For the past few months, Xerox and Staples have quietly developed a program called the ‘Never Out Toner Savings Plan.’ In a nutshell, this program works by allowing customers to pay up-front for their expected monthly print volume. A customer’s printer is connected to a monitoring system that recognizes when toner is low and automatically schedules delivery to the customer’s home or business. This program is primarily run through Staples.com, but recently began piloting at select Staples brick and mortar locations as well.
This is not a managed print service, per se. There is no service included or any sort of printer fleet management. However, the ‘Never Out’ plan is similar to MPS in that is targets two big customer pain points: cost and convenience.

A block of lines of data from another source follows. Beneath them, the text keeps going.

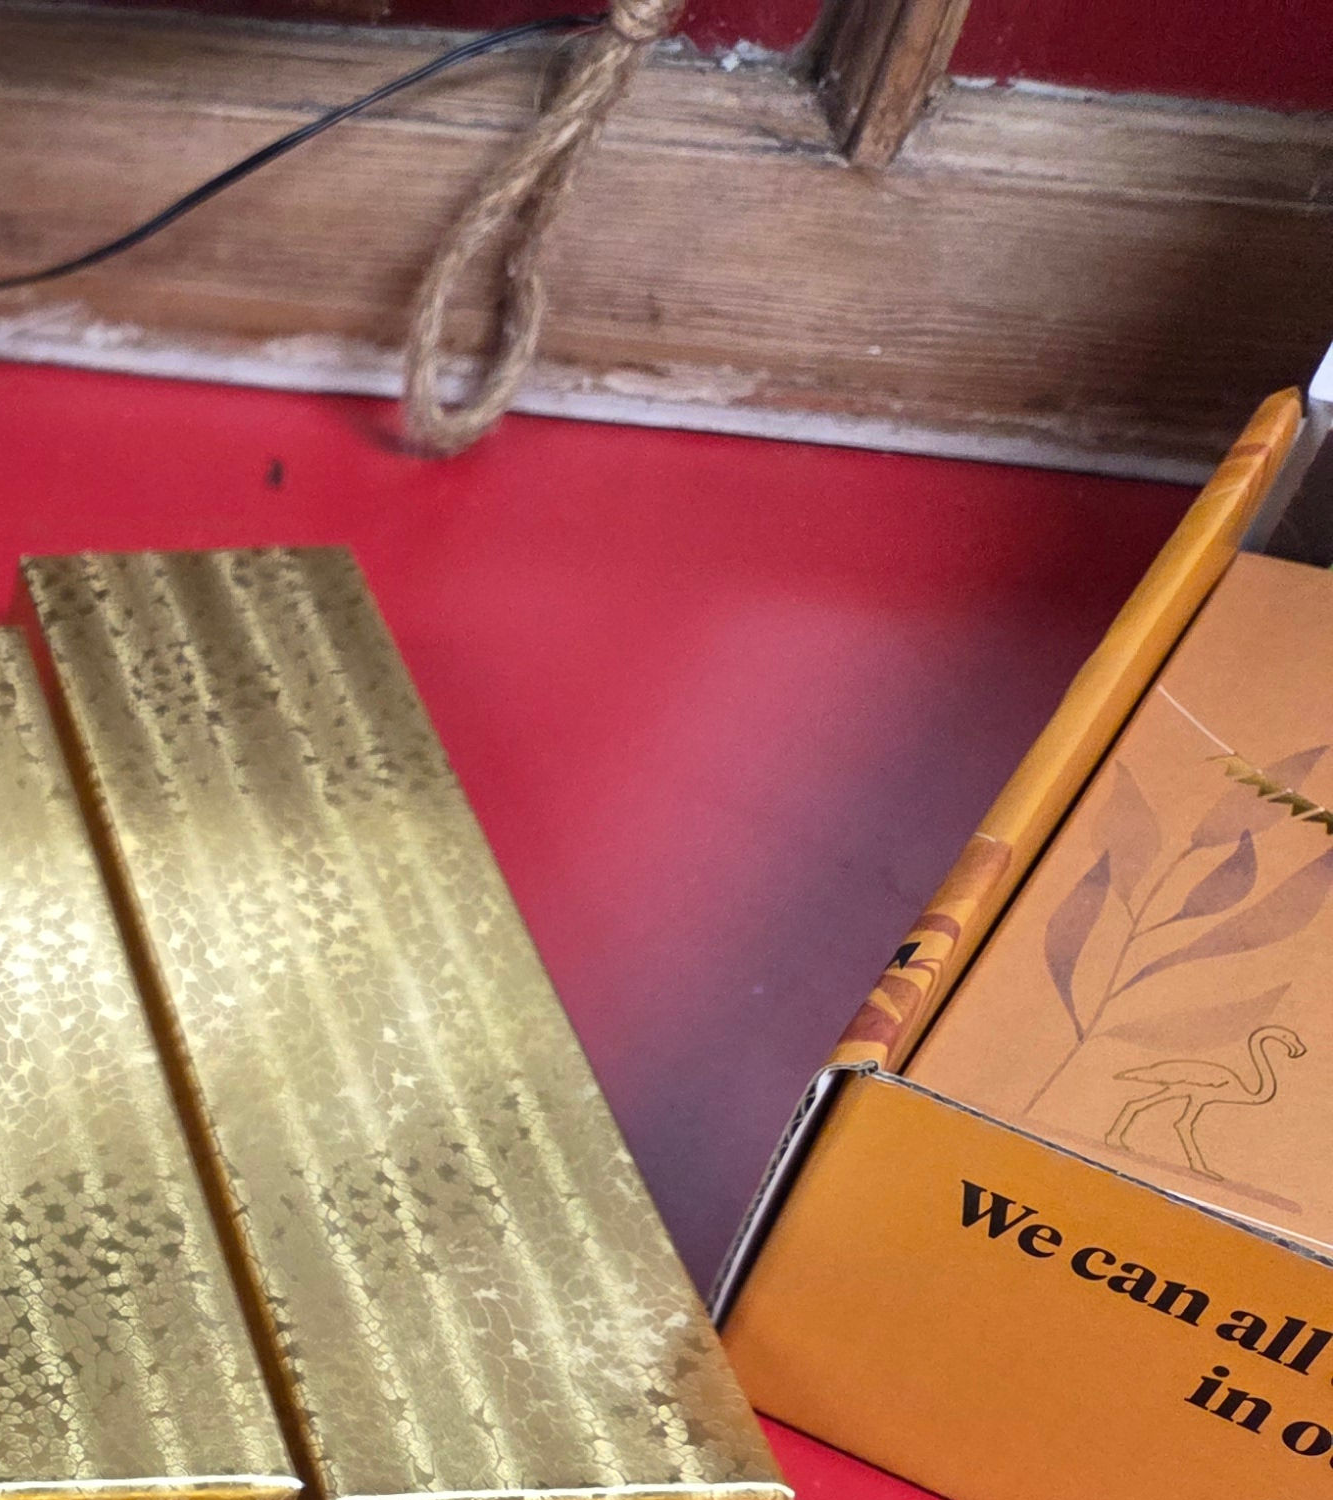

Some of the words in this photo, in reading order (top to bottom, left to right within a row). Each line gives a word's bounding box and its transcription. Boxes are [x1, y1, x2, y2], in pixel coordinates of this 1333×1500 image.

[960, 1179, 1063, 1259] We
[1070, 1246, 1211, 1327] can
[1215, 1310, 1333, 1376] all
[1184, 1365, 1273, 1434] in
[1281, 1421, 1333, 1468] o

Cost – Since a customer is purchasing a number of prints (or ‘credits’) rather than purchasing actual toner, they can print full pages of text and pictures without worrying that they’re wasting toner. And, because a customer has already paid for all their print expenses up-front (excluding paper and power), it makes it easier to predict a business’ print costs.
- Xerox claims that customers can expect ‘savings of up to 40%’; however, this savings is based on a customer purchasing a standard capacity toner vs. toner received through the ‘Never Out’ program. In reality, if a customer purchases a high capacity toner and compares their cost against a customer with modest page coverage using ‘Never Out’ the savings will be negligible. That said, there is still value in the convenience of automatic toner replenishment, not to mention the value for customers with higher-than-normal page coverage.
Convenience – First, a customer pays for the service, sets up their new Xerox printer, and installs the desktop monitoring software. Once up and running, Xerox can monitor a printer’s toner levels and automatically replenish it without customer intervention. This means no figuring out toner part numbers, no last minute runs to the office store, and easy monitoring of print volume through Xerox’s desktop software.
Xerox’s MPS continuum already spans most size businesses with its programs such as eConcierge, PagePack, and XPPS. Although eConcierge already targets SOHO and microbusiness customers, Xerox’s ‘Never Out’ program is a unique way to expand some basic MPS components to the SOHO and microbusiness companies that do business with office supply chains.
Obviously, Xerox’s primary motive for introducing ‘Never Out’ is to sell more hardware and OEM consumables. A secondary but still very important motive is to grow Xerox’s install base of clients with a Xerox monitoring agent on their network. ‘Never Out’ allows Xerox to monitor and manage a customer’s printers and to build a relationship with that customer as they (hopefully) grow. While some customers will stay small, Xerox certainly hopes that a few ‘Never Out’ customers will increase print volume and eventually require more advanced and more profitable services from the vendor.
For Staples, the benefits of facilitating Xerox’s ‘Never Out’ program are less clear. Staples likely has a role in the sale of hardware and consumables, although the role and/or incentives remain unclear. Staples will also benefit from the fact that every ‘Never Out’ customer must also be a Staples Rewards member. Staples Rewards is a free customer loyalty program that encourages customers to purchase more ink, toner, and paper by offering 10% ‘back’ with an eligible purchase. However, if it is true that Xerox wants to eventually introduce their ‘Never Out’ customers to more robust MPS offerings, then how does Staples protect itself from losing those customers?
It appears that, for the time being, the ‘Never Out Toner Savings Plan’ is still a small test program for Xerox and Staples. Yet it is not far-fetched to expect that more of these ‘MPS-light’ programs will target SMBs in the future. For the printer maker, it means building a relationship with the customer and the potential to add more lucrative services in the future. Unfortunately for brick and mortar chains, there is a growing danger of becoming a showroom for products that are purchased elsewhere.